• EXERCISE DIRECTIONS:
From the first line to the last, output the data exactly as it stands, minus its pictures.
*** DATA SUPPLIED Section Begins ***
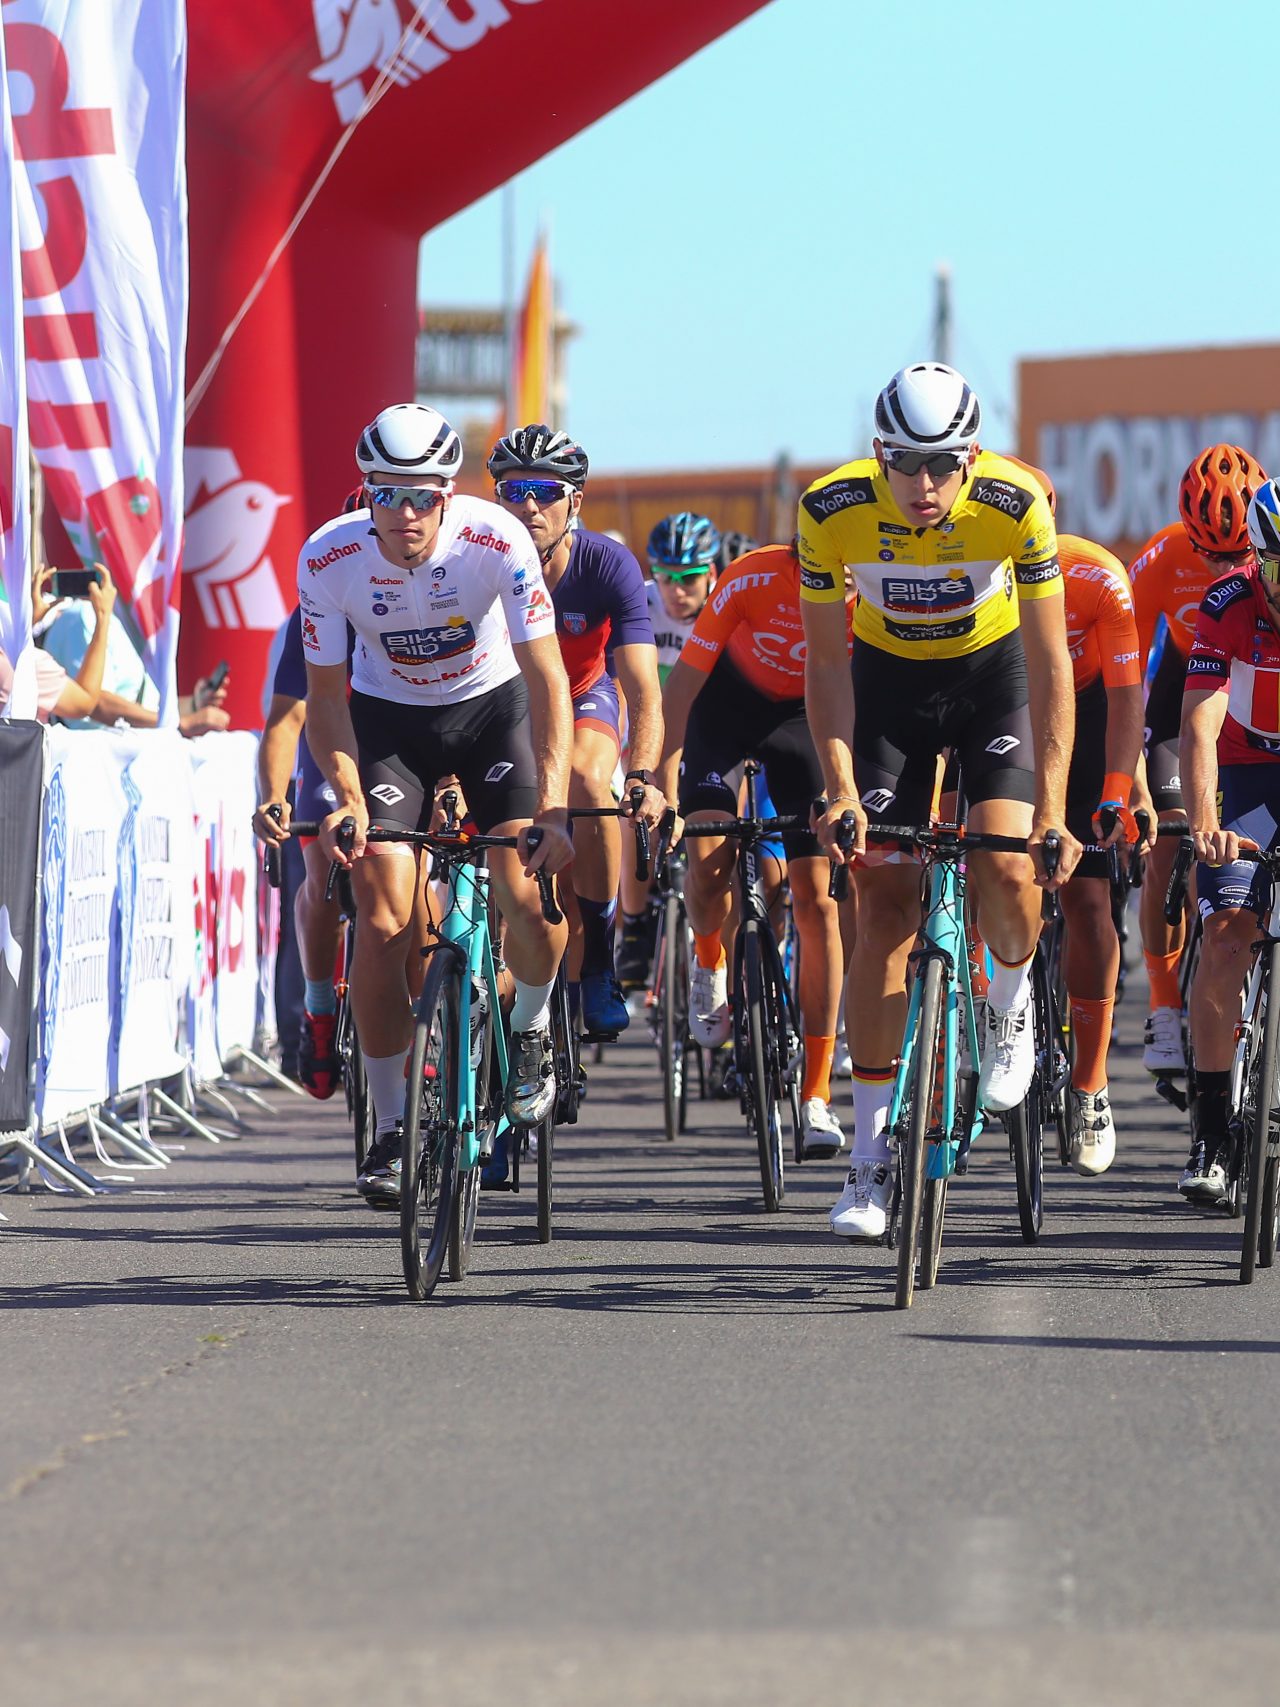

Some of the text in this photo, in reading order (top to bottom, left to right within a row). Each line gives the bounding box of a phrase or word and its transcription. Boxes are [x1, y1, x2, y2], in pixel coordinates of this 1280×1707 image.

[823, 482, 849, 495] DANONE
[991, 480, 1016, 494] DANONE
[814, 489, 867, 515] YoPRO
[976, 486, 1021, 515] YoPRO
[457, 526, 512, 555] Auchan
[307, 542, 362, 577] Auchan
[369, 576, 404, 585] Auchan
[800, 575, 825, 589] PRO
[1020, 564, 1060, 582] YoPRO
[711, 572, 779, 616] GIANT
[1206, 579, 1243, 607] Dare
[769, 618, 803, 631] CADE
[1187, 657, 1221, 672] Dare
*** DATA SUPPLIED Section Ends ***
• RESPONSE TO THE TASK:
Some of the text in this photo, in reading order (top to bottom, left to right within a row). Each line gives the bounding box of a phrase or word and its transcription. Boxes are [x1, y1, x2, y2], in pixel coordinates of this 1280×1707 image.

[823, 482, 849, 495] DANONE
[991, 480, 1016, 494] DANONE
[814, 489, 867, 515] YoPRO
[976, 486, 1021, 515] YoPRO
[457, 526, 512, 555] Auchan
[307, 542, 362, 577] Auchan
[369, 576, 404, 585] Auchan
[800, 575, 825, 589] PRO
[1020, 564, 1060, 582] YoPRO
[711, 572, 779, 616] GIANT
[1206, 579, 1243, 607] Dare
[769, 618, 803, 631] CADE
[1187, 657, 1221, 672] Dare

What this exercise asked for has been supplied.